Sunday, November 7, 2010

Holy sheep* this is amazing! (*while driving by a field of 200ish sheep eating donut described below)


Let me tell you about why this donut and coffee surpasses any I've EVER had... and why I chose to tell you about it before I wrote about some actual intellectual material I learned at the conferences I attended. Because, lets be serious, food comes before just about everything else in life. 
It all began on Saturday morning in Seattle. Alarm set for 7. Woke up at 8. Out of the house at 9. Determined. I wanted a great breakfast. Something fantastic. I spent about 2 hours the night before researching some organic, eco-loving cafes in the Fremont area. Hard to find, I know. Well, my search led me to Lama G's and Mighty O Donuts. Now, I heard of Mighty O's before, but Lama G's intrigued me. So I figured I'd grab a breakfast sandwich first then get a donut and coffee for the road. Definitely should have went with just the donuts... 
*         *         *
So here I am, over the Snoqualmie Pass and needing gas. I stop in Cle Elum, a small town in central Washington. It's about lunchtime after I find a really neat consignment shop so I decide to indulge in my Good ol' Glazed donut. Now, I already downed my coffee. I'm not sure what roast I drank, but with the little soy milk I added, incredible. Phew. Wow. Just thinking about it gives me butterflies in my stomach... and I think, by golly, is that... is that growling I hear? I probably shouldn't think about this too long....
Anyways. The donut. When I say phenomenal in every way possible, I mean phenomenal in every way possible. It had the perfect amount of crisp to spongy, moist inside. The glaze had a fantastic hard, but soft consistency. With each bite, I anticipated the next knowing it would taste equally as enjoyable. Fresh. Organic. Amazing. Delightful. That's what the donut tasted like. My mouth waters thinking about it...
You should really check out their website and see the other types of donuts they have and also their mission. Quite awesome. They even have vegan donuts. Really, can Seattle get any cooler? Do you understand why I sincerely love the west coast way of life -- more specifically Seattle? Everyone rides their bikes, genuinely cares about their Mother (... nature), loves animals and veggies, and makes a mean cup of coffee. Oh, and the perfect combination of mountains and water. 
Is this the real world or am I dreaming? 

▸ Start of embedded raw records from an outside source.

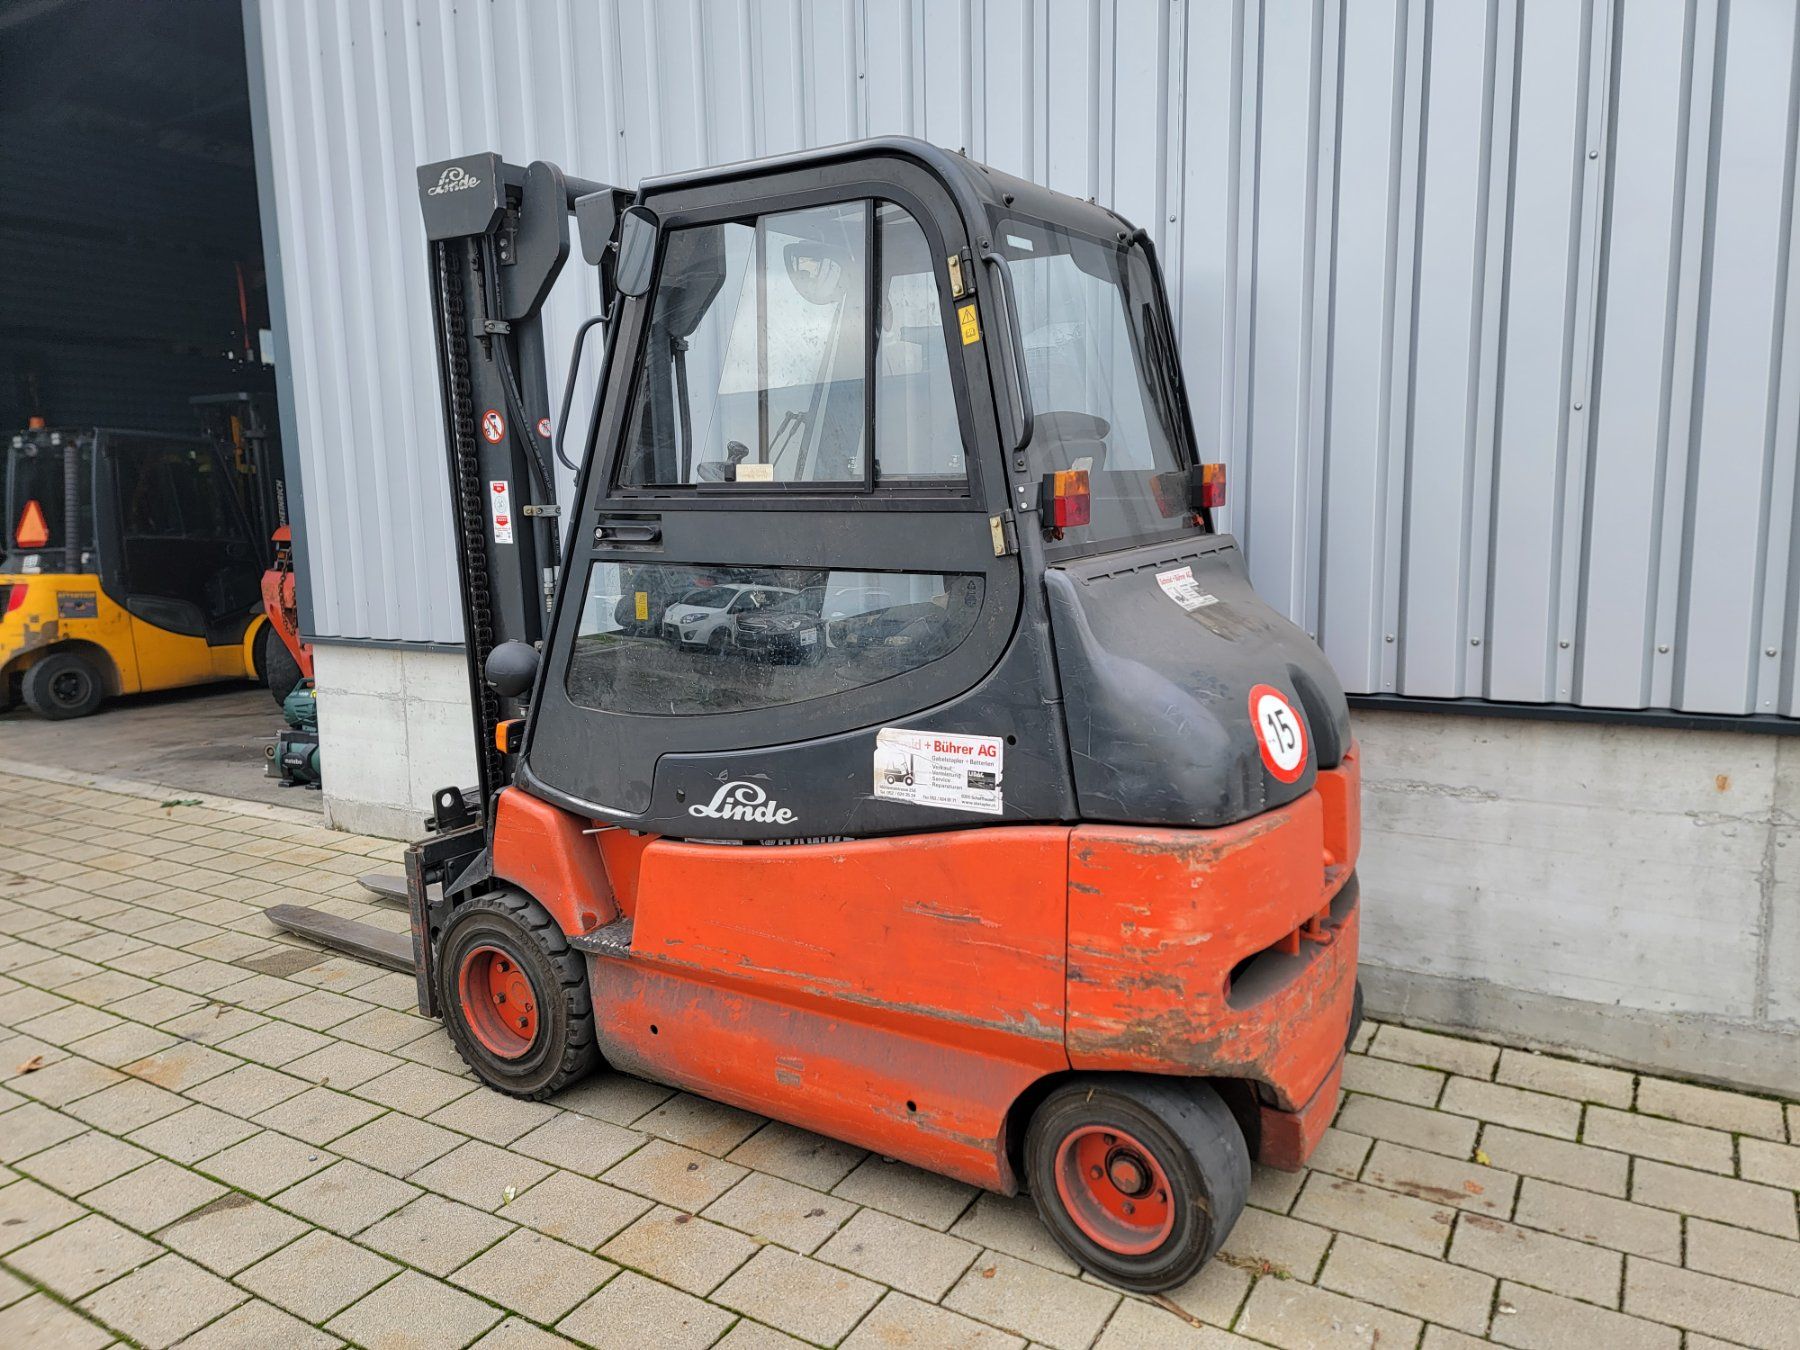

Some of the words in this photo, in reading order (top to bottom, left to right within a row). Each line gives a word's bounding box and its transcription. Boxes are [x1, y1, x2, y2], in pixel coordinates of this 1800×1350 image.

[427, 166, 482, 196] Linde
[933, 739, 974, 756] Bührer
[977, 743, 997, 758] AG
[1267, 708, 1296, 754] 15
[688, 781, 799, 825] Linde
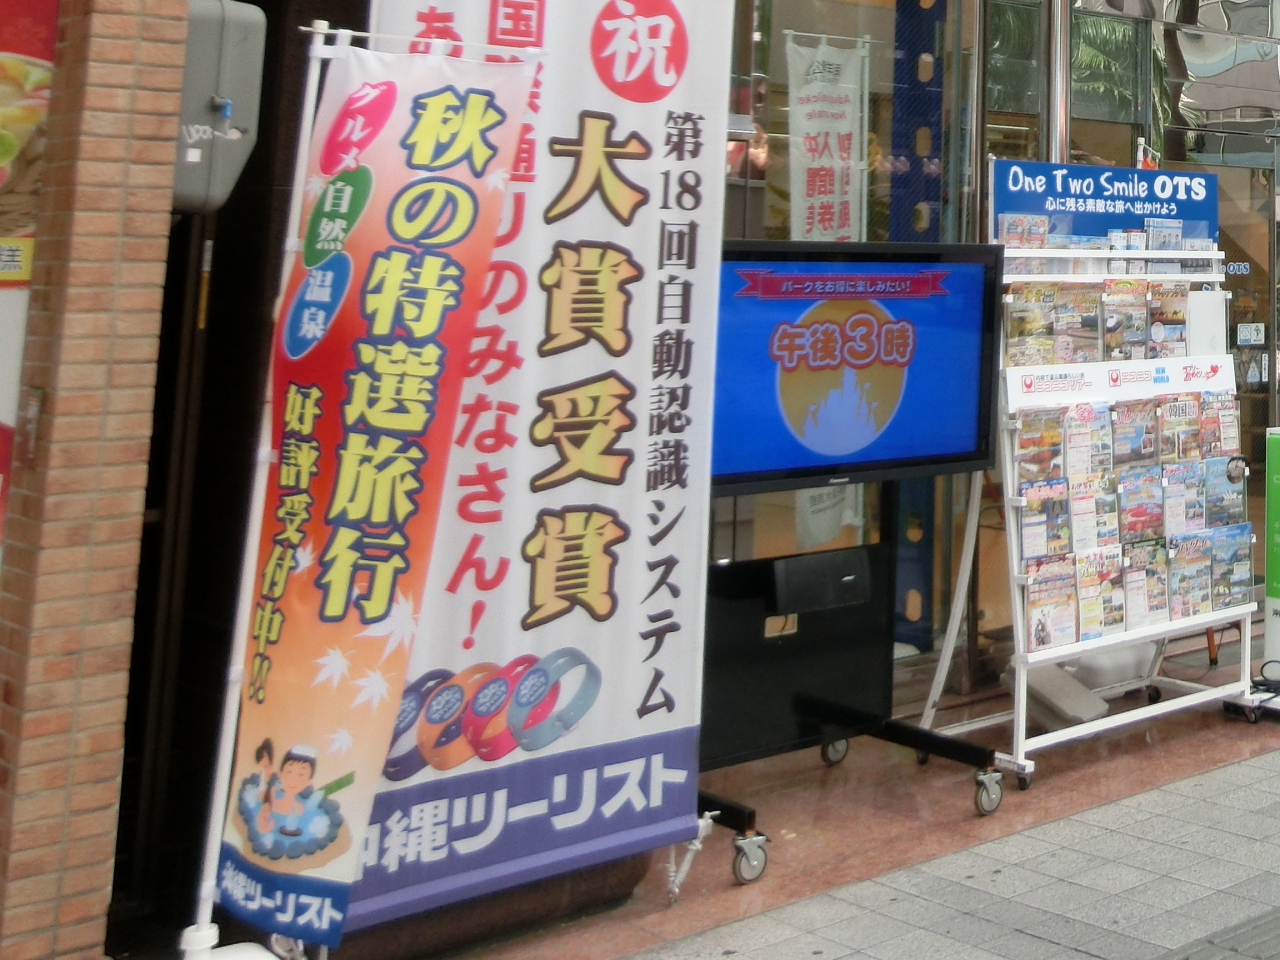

Check it out :: Mighty O' Donuts -- http://www.mightyo.com 

Monday, November 1, 2010

Diamond Peak, Umatilla National Forest.


Yesterday afternoon I went for a drive with Ron into the Umatilla with original intentions to "shoot." I mean, if I'm going to drive down the highway and see men walking with shotguns on the side of the road, I should probably get more comfortable around them. At the current moment, the thought of being in a house with a gun just creeps me out -- but uh, it's hard to find a house that doesn't have a gun around here. Anyways, you probably can't tell by this picture, but the wind was blowing around 40 mph, if not more. So, instead of risking a bullet coming around like a boomerang, we hiked around in the snow a few hundred feet up the road until our feet screeched, "We're numb!" Or, maybe I just used the wind as my excuse to not have to touch those guns...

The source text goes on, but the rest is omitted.